Two years ago, the historic compromise was reached by December 6, and we started to blog about it here. The legislative process was completed in just 11 days, by December 17, showing just how fast Congress can act when Christmas is coming.
No signs of compromise at all this year. I just don't see how anything can be drafted by year end.
However, apparently the Senate produced legislation last summer to implement an extension of the Bush tax cuts to the bottom 98%. It didn't have anything on the payroll tax holiday, the debt ceiling, or unemployment benefits.
ABC News reports on a "doomsday plan" by the House Republicans to bring that Senate legislation to the floor. It does what Obama and the Democrats claim that they want. Bringing it to the floor "releases the hostage" of the middle class tax cuts. All Republicans would vote "present," so the bill would pass. In the minds of Republicans, failing to stop a tax increase is different from voting for one. I don't see the practical distinction myself. But at least they could no longer be blamed for allowing the tax increases on the middle class, which is the corner that the Democrats backed them into.

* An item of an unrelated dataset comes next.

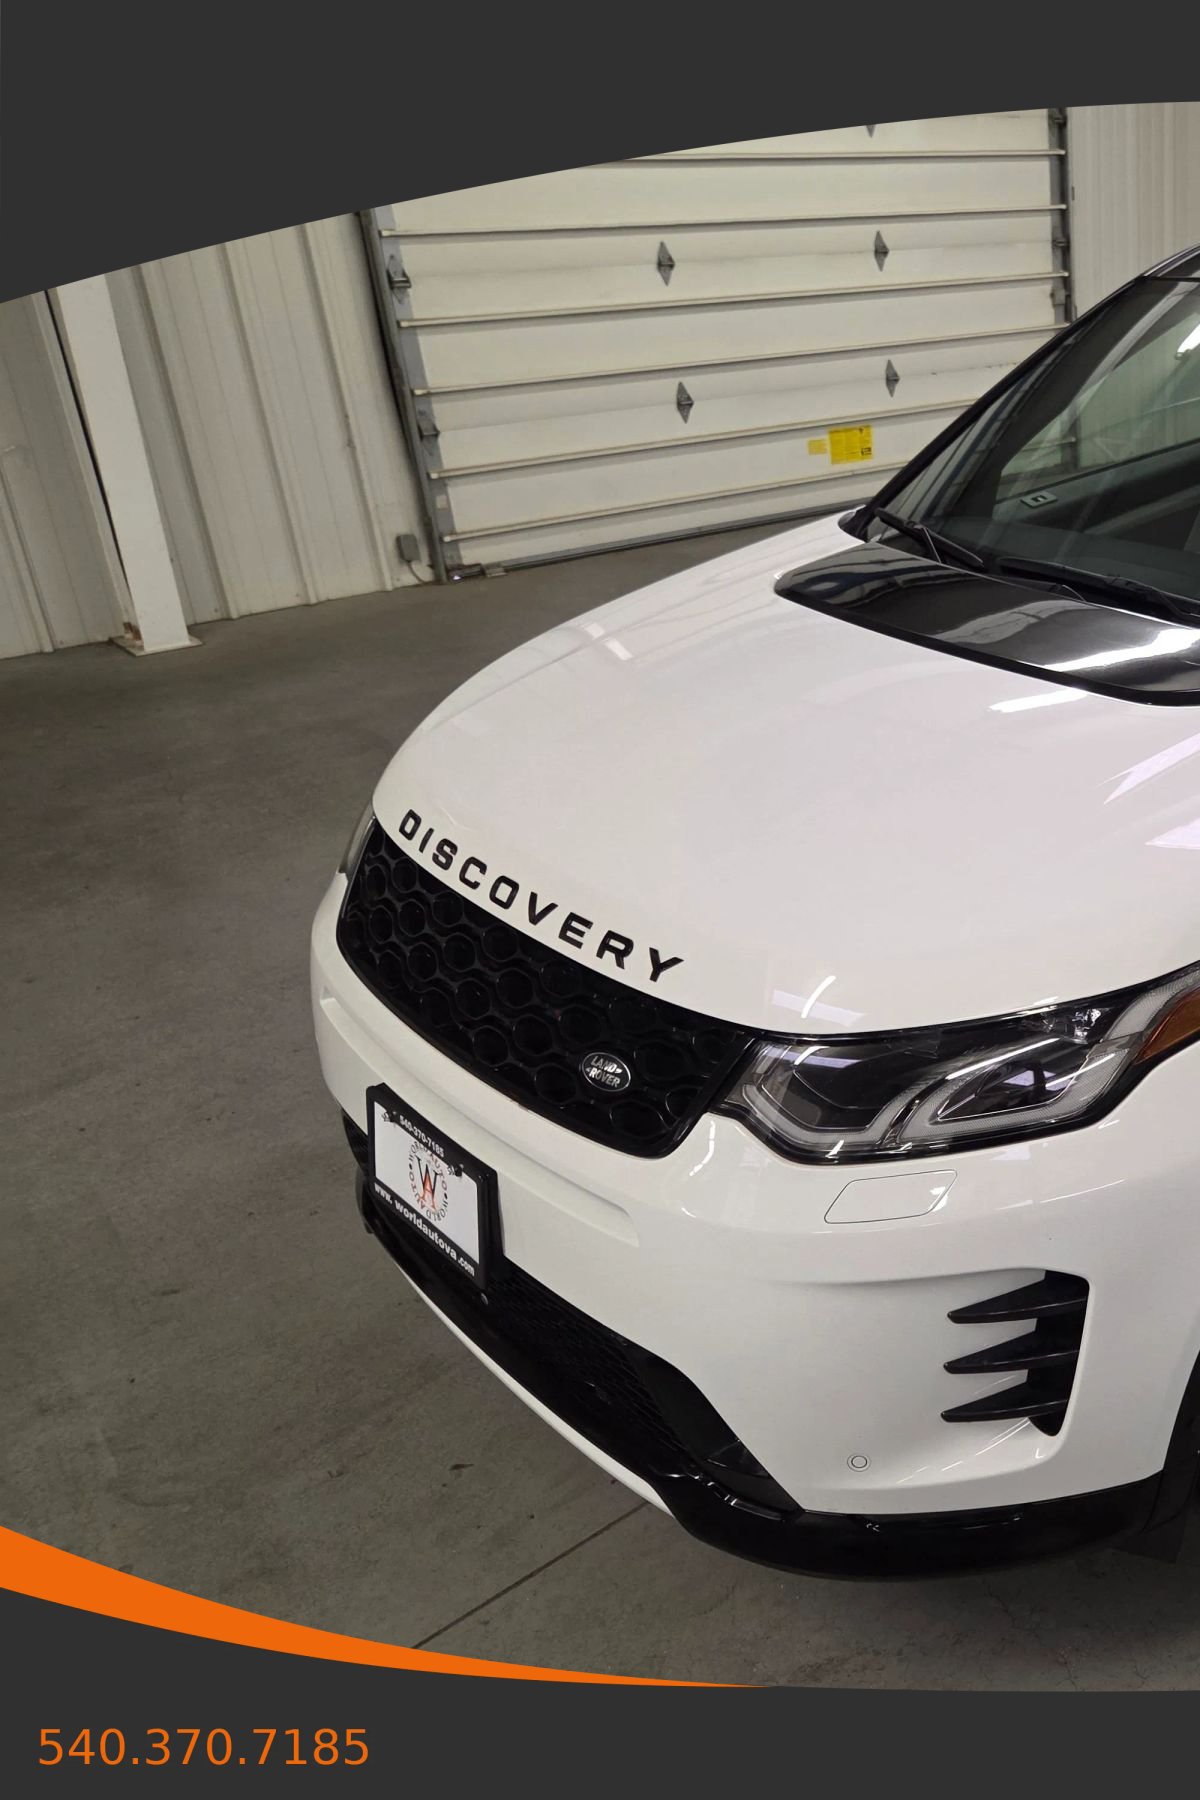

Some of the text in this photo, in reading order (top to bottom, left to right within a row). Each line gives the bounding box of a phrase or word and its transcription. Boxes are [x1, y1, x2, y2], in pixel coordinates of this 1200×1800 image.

Would the Senate bring it up? Would the President sign it? It looks to me as if a surprising number of Democrats prefer to go over the cliff instead.
I haven't found the bill yet. My question, did it include the inflation adjustment for the 2012 AMT?
Tax Notes reports that the IRS has already programmed their computers for another inflation patch to the AMT, assuming that Congress would never let that expire. Some tax failures can be retroactively fixed, like the lapsed estate tax, but not this. Per Tax Notes, failure to patch the AMT now will do much more than impose the tax on many more taxpayers, it will also delay tax refunds for everyone else by six weeks or so. That delayed cash flow alone could have negative economic fallout.
If that Senate bill includes the 2012 AMT patch, I believe that the Senate would act and President Obama would sign it. But that has to be concluded by December 17, when he leaves for Hawaii for the holidays. I suppose that they could have a signing ceremony out there.
Final note. This has been a titanic struggle just to leave the tax code unchanged. Tax cuts have contributed to an economic bounce in the past. Leaving the tax code unchanged has not. Although the media talks about middle class tax cuts, no one will see lower taxes next year under any scenario. Dodging a scheduled tax increase just doesn't excite the animal spirits the way ERTA did back in 1981.